A proposito di quest’ultimo, quando egli venne arrestato nell’ottobre del 1998 a Londra in seguito alla richiesta di estradizione avanzata dall’allora giudice Baltazar Garzon per le 94 denunce di tortura di cittadini spagnoli e l’assassinio nel 1975 del diplomatico spagnolo Carmelo Soria, nonostante gli atroci crimini commessi, non trascorse i 17 mesi di attesa della decisione dei britannici in un carcere di massima sicurezza come Assange. Li trascorse nella lussuosa residenza del Wentworth Golf Club & Resort, dove veniva a trovarlo premurosamente Margaret Thatcher. E con altrettanta premura il Ministro dell’Interno del Regno Unito, il laburista Jack Straw, il 2 marzo 2000 decise di liberare Pinochet e di permettere il suo ritorno in Cile, negando quindi l’estradizione e adducendo “ragioni umanitarie” e verosimilmente avvisandolo prima di rendere noto alla stampa il suo verdetto, visto che nella notte, un aereo militare cileno era giunto nella pista di Waddington, allestito con le attrezzature mediche del caso, pronto a decollare per riportarlo in patria. Pinochet ovviamente una volta atterrato con un gesto atletico, come un novello Lazzaro, si alzò dalla sedia a rotelle e salutò i sostenitori accorsi all’aeroporto.
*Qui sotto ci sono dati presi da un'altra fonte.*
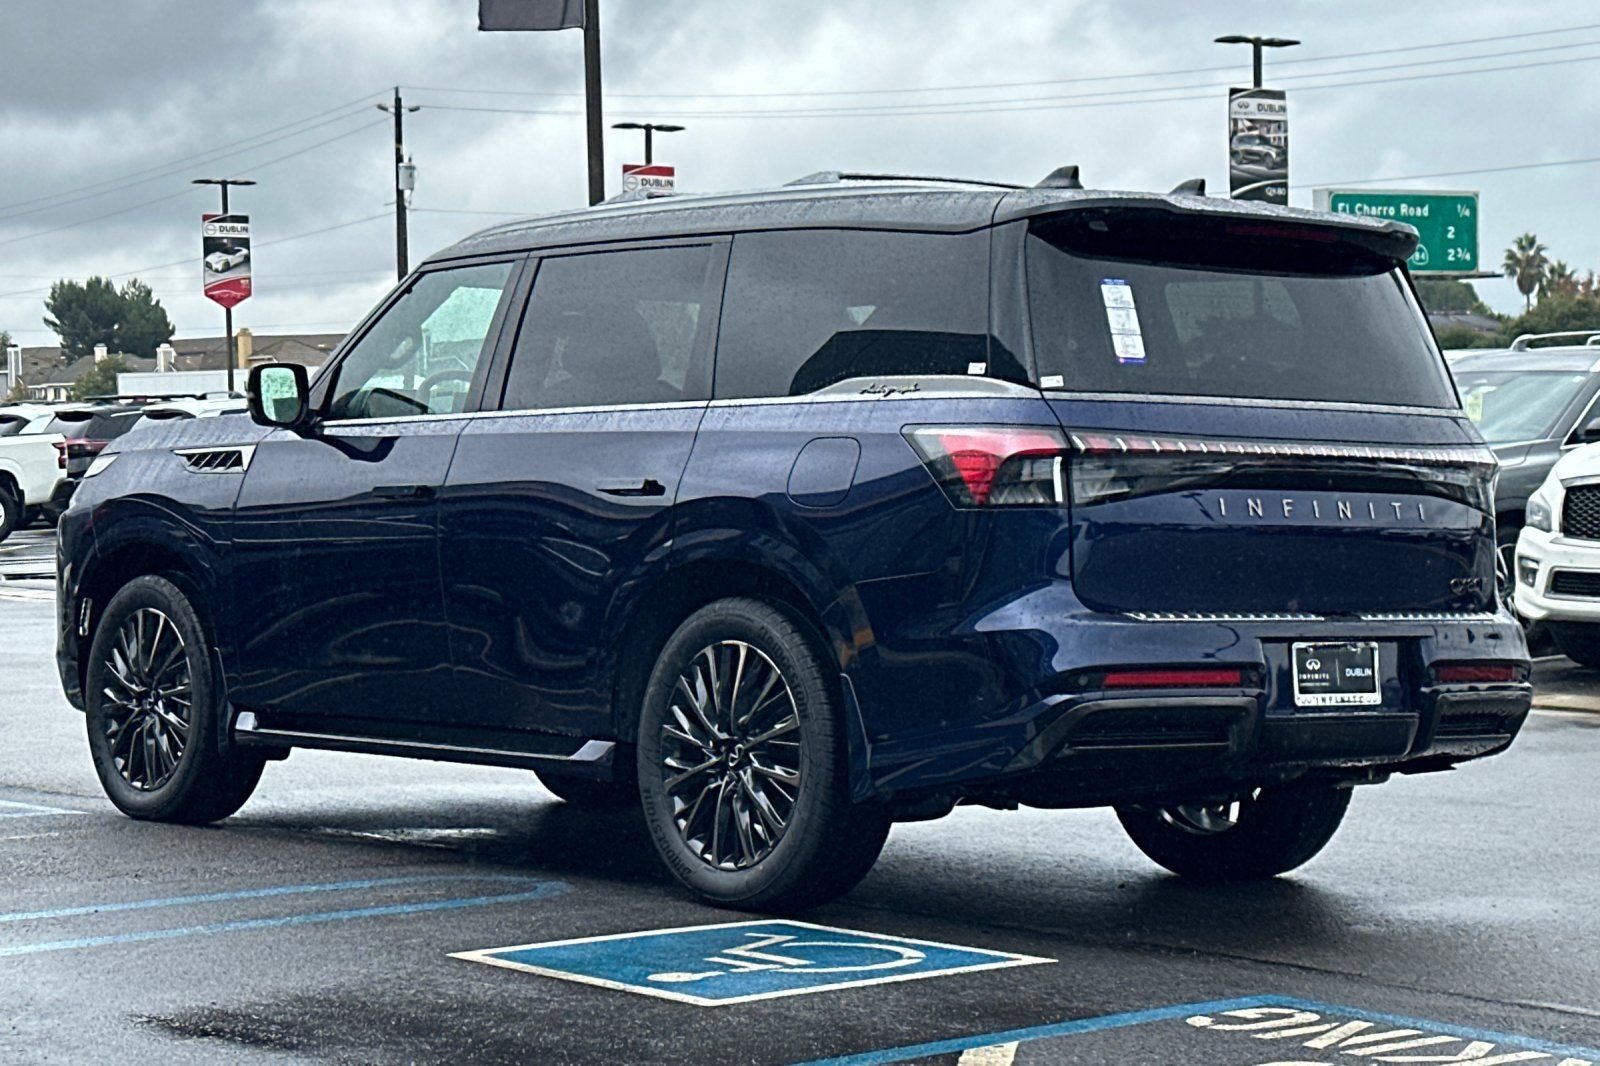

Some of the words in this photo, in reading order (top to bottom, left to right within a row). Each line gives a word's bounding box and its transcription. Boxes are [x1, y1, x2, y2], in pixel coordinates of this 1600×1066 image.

Assange invece, senza aver mai torto un capello ad alcuno, in serie e veritiere precarie condizioni di salute fisica e mentale, langue in un carcere di massima sicurezza, in mezzo a detenuti pericolosissimi, in attesa delle decisioni dei giudici.
E ci giunge proprio in queste ore la notizia che la decisione dell’Alta Corte britannica circa l’istanza d’appello, presentata dai legali di Assange per scongiurare la sua estradizione verso gli Stati Uniti, dovrebbe essere resa nota a strettissimo giro.
Temiamo che l’esito sia negativo ma non possiamo arrenderci, quando a brevissimo verrà annunciata la pubblicazione della decisione dell’Alta Corte, dovremo scendere in piazza in massa per Julian Assange per far pressione con ogni mezzo sul governo britannico.
In ogni luogo del mondo i cittadini scenderanno in piazza affinché, per una volta, nel suolo britannico vinca la giustizia e si ponga fine all’ingiusta detenzione di un giornalista, la cui unica colpa è quella di aver fatto il suo lavoro.